GRC maturity describes how systematically, consistently, and effectively an organisation manages its governance structures, risk processes, and compliance obligations. Low maturity is not simply a compliance gap — it is a business risk. Organisations at lower maturity levels are more likely to suffer regulatory penalties, fail enterprise client procurement processes, struggle with cyber insurance underwriting, and experience operational disruptions caused by unmanaged risks.
The concept was formalised by the Open Compliance and Ethics Group (OCEG), whose GRC Capability Model — often called the Burgundy Book — defines GRC as the integrated set of capabilities that enable an organisation to reliably achieve objectives, address uncertainty, and act with integrity. The five-level maturity scale derived from this model has become the industry standard for GRC benchmarking.

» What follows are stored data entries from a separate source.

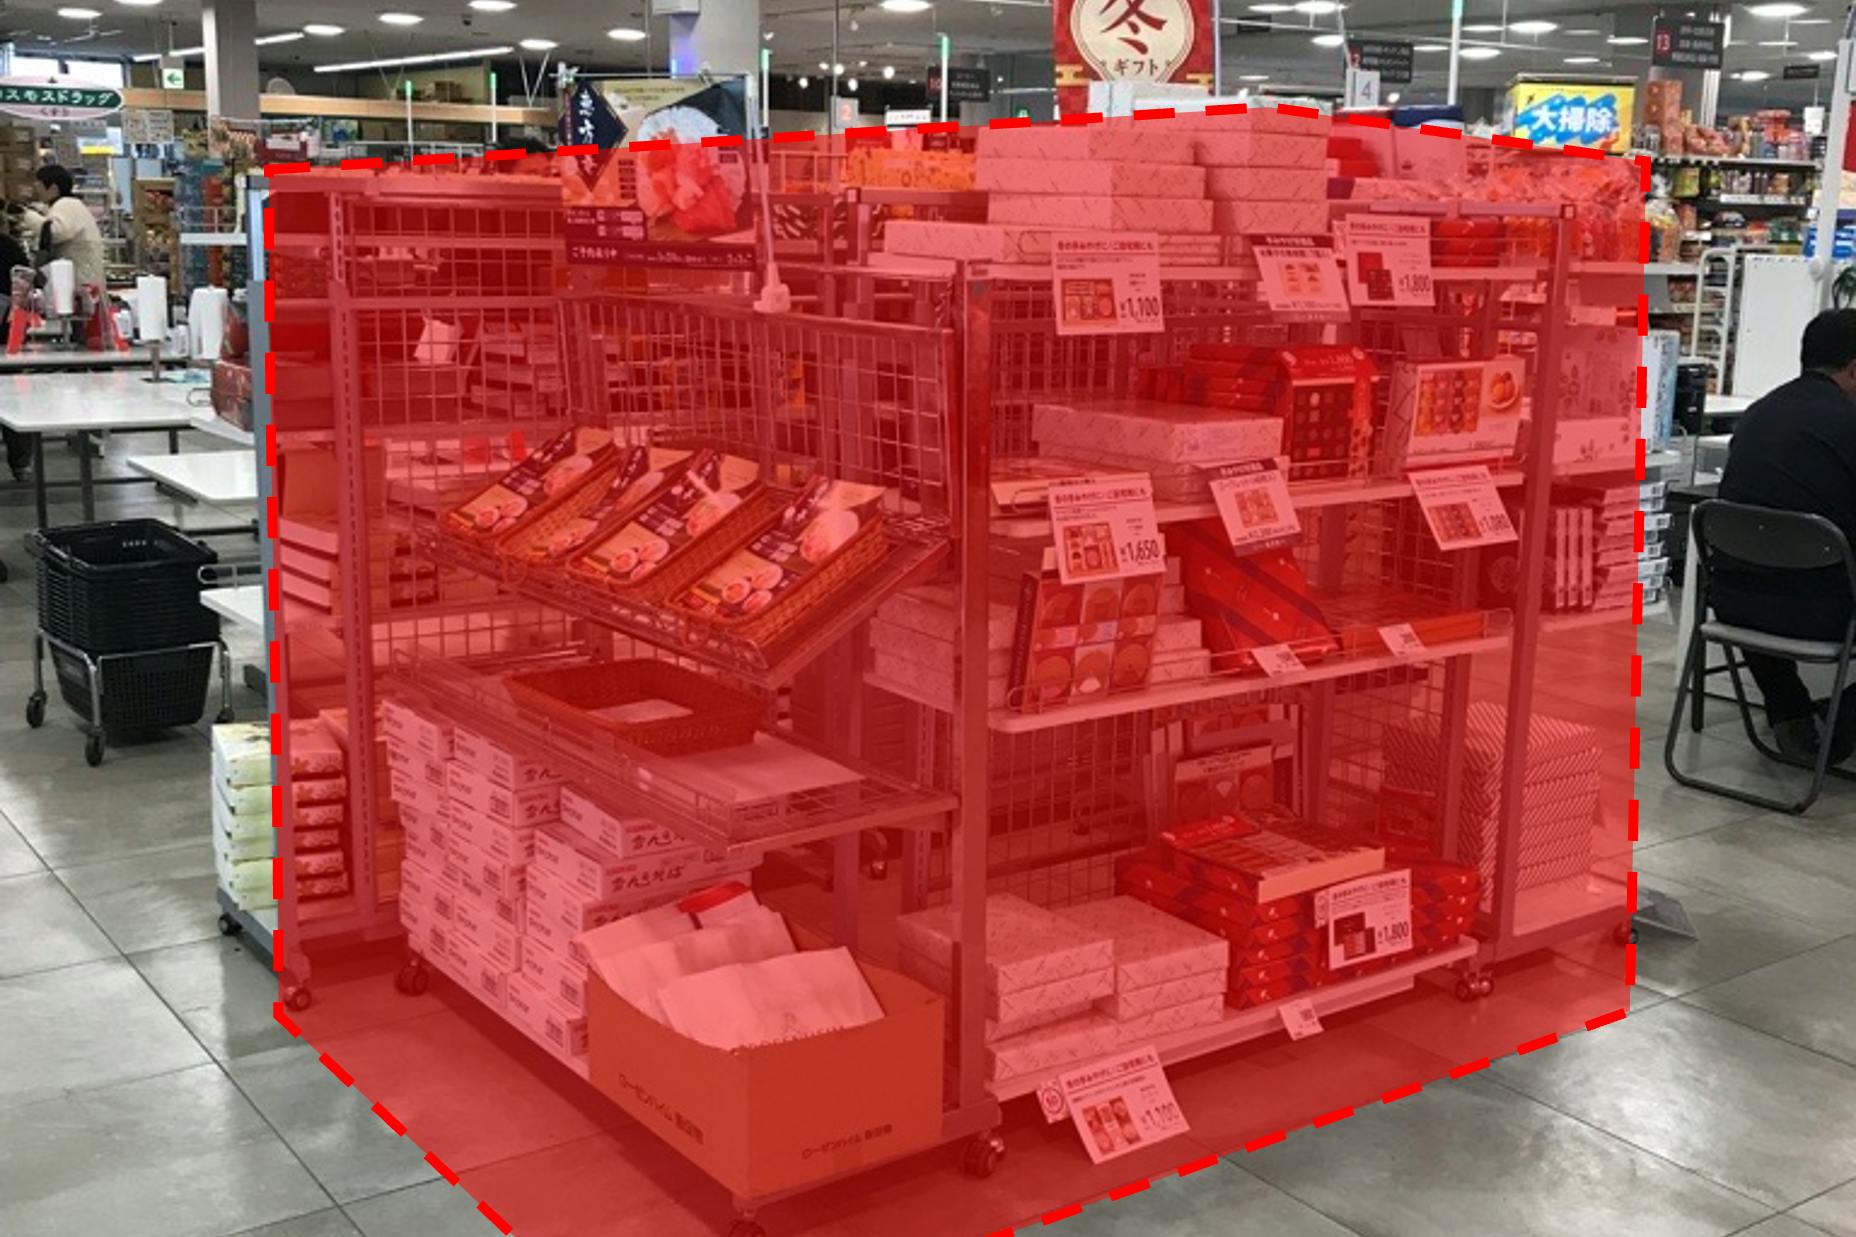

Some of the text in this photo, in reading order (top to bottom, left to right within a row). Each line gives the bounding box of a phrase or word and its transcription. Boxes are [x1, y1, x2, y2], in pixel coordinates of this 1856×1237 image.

[1100, 0, 1168, 55] 冬
[1657, 34, 1671, 51] 13
[1114, 58, 1159, 76] ギフト
[0, 88, 114, 106] スモスドラッグ
[1361, 80, 1372, 101] 4
[1532, 104, 1613, 134] 大掃除
[1120, 538, 1160, 562] ¥1,650
[617, 1073, 679, 1122] ローゼンハイム
[801, 1133, 862, 1160] ローゼンハイム

The GRC Index applies this framework across five assessment dimensions — governance, risk management, compliance, resilience, and data security — to produce an independent GRC Score and a maturity level placement for each assessed organisation. Only 15% of assessed organisations reach Level 4 or 5. The remaining 85% have a clear, structured improvement path available to them.

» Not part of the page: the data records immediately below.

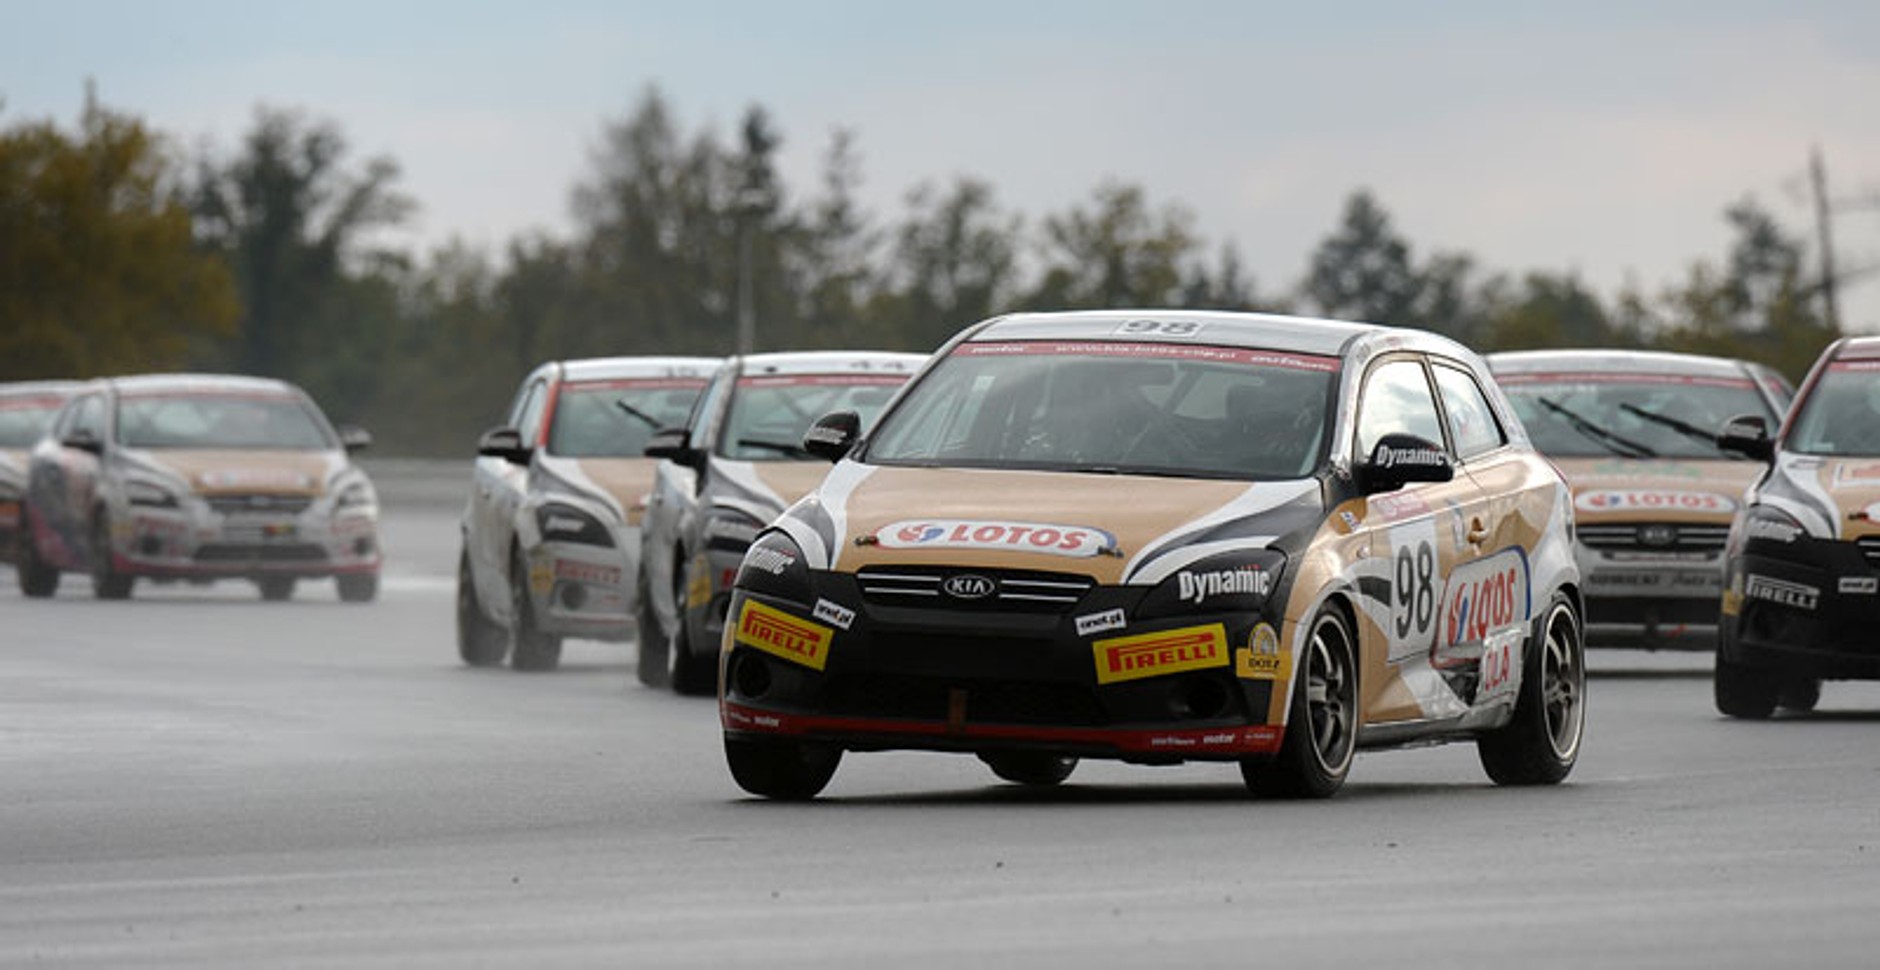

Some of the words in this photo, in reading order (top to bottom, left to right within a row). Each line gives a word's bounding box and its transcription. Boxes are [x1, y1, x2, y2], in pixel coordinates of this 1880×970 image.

[1124, 319, 1199, 334] 98
[1376, 446, 1446, 468] Dynamic
[1627, 494, 1718, 508] LOTOS
[949, 525, 1087, 549] LOTOS
[951, 579, 985, 593] KIA
[1177, 567, 1270, 603] Dynamic
[1396, 540, 1433, 639] 98
[1746, 573, 1820, 610] PIRELLI
[742, 608, 822, 658] PIRELLI
[1080, 612, 1123, 630] onet.pl
[1106, 632, 1217, 673] PIRELLI

Each level represents a distinct stage of organisational capability. The descriptions below are grounded in GRC Index assessment data from 300+ organisations across the UK and internationally. For each level, we identify the defining characteristics, the warning signs that indicate an organisation is operating at that level, and the regulatory exposure it creates.
1
Level 1: Ad Hoc
High Risk | ~35% of UK orgs
GRC activities are entirely reactive. There are no documented processes — issues are addressed individually as they arise, often by whoever is available. Compliance obligations are discovered late, if at all. Risk management exists in name only. Board oversight of GRC is absent or purely nominal.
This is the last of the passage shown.